Killing Them Softly |  After a five-year de facto moratorium, the death penalty has reentered the public gaze | By Joey Bien-Kahn, City on a Hill Press

Photo by Prescott Watson.

Story updated 2/18/2011 at 4:11pm

At the end of Penny Terrace, up the hill from the state prison, there is a fence. If you stand on tiptoe, your eyes can just about scale the chain links. After scanning the sprawling prison compound, tracking the path of the Richmond Bridge as it slowly climbs out of the water, your gaze will rest upon some distant mountains, far from the prison’s walls.

But inside the facility, the bridge, the mountains and the bay disappear. Only the manic cries of seagulls that circle above the prison yard remind you that San Quentin Correctional Facility, home to California’s death chamber and its 699 condemned inmates, sits in an affluent suburban neighborhood perched upon this majestic peninsula.

The prison, a half-hour drive from downtown San Francisco, is excluded from San Franciscans’ everyday psyche. This distance mirrors California’s legislatively bound, yet mentally distant relationship with capital punishment.

In the midst of a five-year de facto moratorium, brought on by the February 2006 ruling by U.S. District Court Judge Jeremy D. Fogel, the death penalty escaped from view. But with the recent release of e-mails documenting the state’s attempts to procure a drug for lethal injection and Fogel’s impending decision whether to lift the moratorium on executions, the debate over capital punishment has reentered the public gaze.

The night of Dec. 12, 2005 was frigid, but body heat protected the mass of protesters from the chilly breeze off the bay. At 12:01 the next morning, the state planned to inject Stanley “Tookie” Williams, a convicted murderer and co-founder of the Crips street gang, with the lethal cocktail.

At first glance, Williams, a gang member and convicted killer, was a perfect candidate for capital punishment. However, his proposed execution aroused large public opposition.


Behind bars, Williams published eight anti-gang children’s books, received the president’s Call to Service Award for his community service and authored a memoir that was nominated for the James Madison Book Award, a recognition of excellence for children’s books about U.S. history.

The crowd of monks, Richmond teens, middle-aged women and many others who had gathered right outside the prison’s front gate believed that Williams’ rehabilitation would be enough to save his life. But at 12:35 on Dec. 13, while strapped to the death chamber’s pea green gurney, Williams’ heart stopped.

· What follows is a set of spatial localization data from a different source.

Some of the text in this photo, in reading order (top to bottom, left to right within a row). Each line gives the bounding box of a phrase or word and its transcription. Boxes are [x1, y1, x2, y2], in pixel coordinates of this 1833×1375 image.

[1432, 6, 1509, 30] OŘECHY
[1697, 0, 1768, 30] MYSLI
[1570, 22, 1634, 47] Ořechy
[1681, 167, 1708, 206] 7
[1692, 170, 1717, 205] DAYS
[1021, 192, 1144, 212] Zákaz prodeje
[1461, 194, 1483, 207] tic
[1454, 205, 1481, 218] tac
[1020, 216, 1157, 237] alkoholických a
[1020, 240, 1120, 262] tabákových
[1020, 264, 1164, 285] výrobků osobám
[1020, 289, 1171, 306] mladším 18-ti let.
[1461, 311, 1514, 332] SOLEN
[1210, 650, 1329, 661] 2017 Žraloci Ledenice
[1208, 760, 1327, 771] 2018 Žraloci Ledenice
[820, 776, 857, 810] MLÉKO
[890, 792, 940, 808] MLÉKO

Elisabeth Semel, the director of the Death Penalty Clinic at the UC Berkeley Boalt Hall School of Law, said the visibility of Williams’ rehabilitation caught the public’s attention. But she said that in reality, because of their extended time on death row, all condemned inmates have in some ways changed by the time of their execution.

It takes an average of 18 years between the conviction and execution of an inmate in California, said Judge Arthur L. Alarcón in his May 2007 article in the Southern California Law Review.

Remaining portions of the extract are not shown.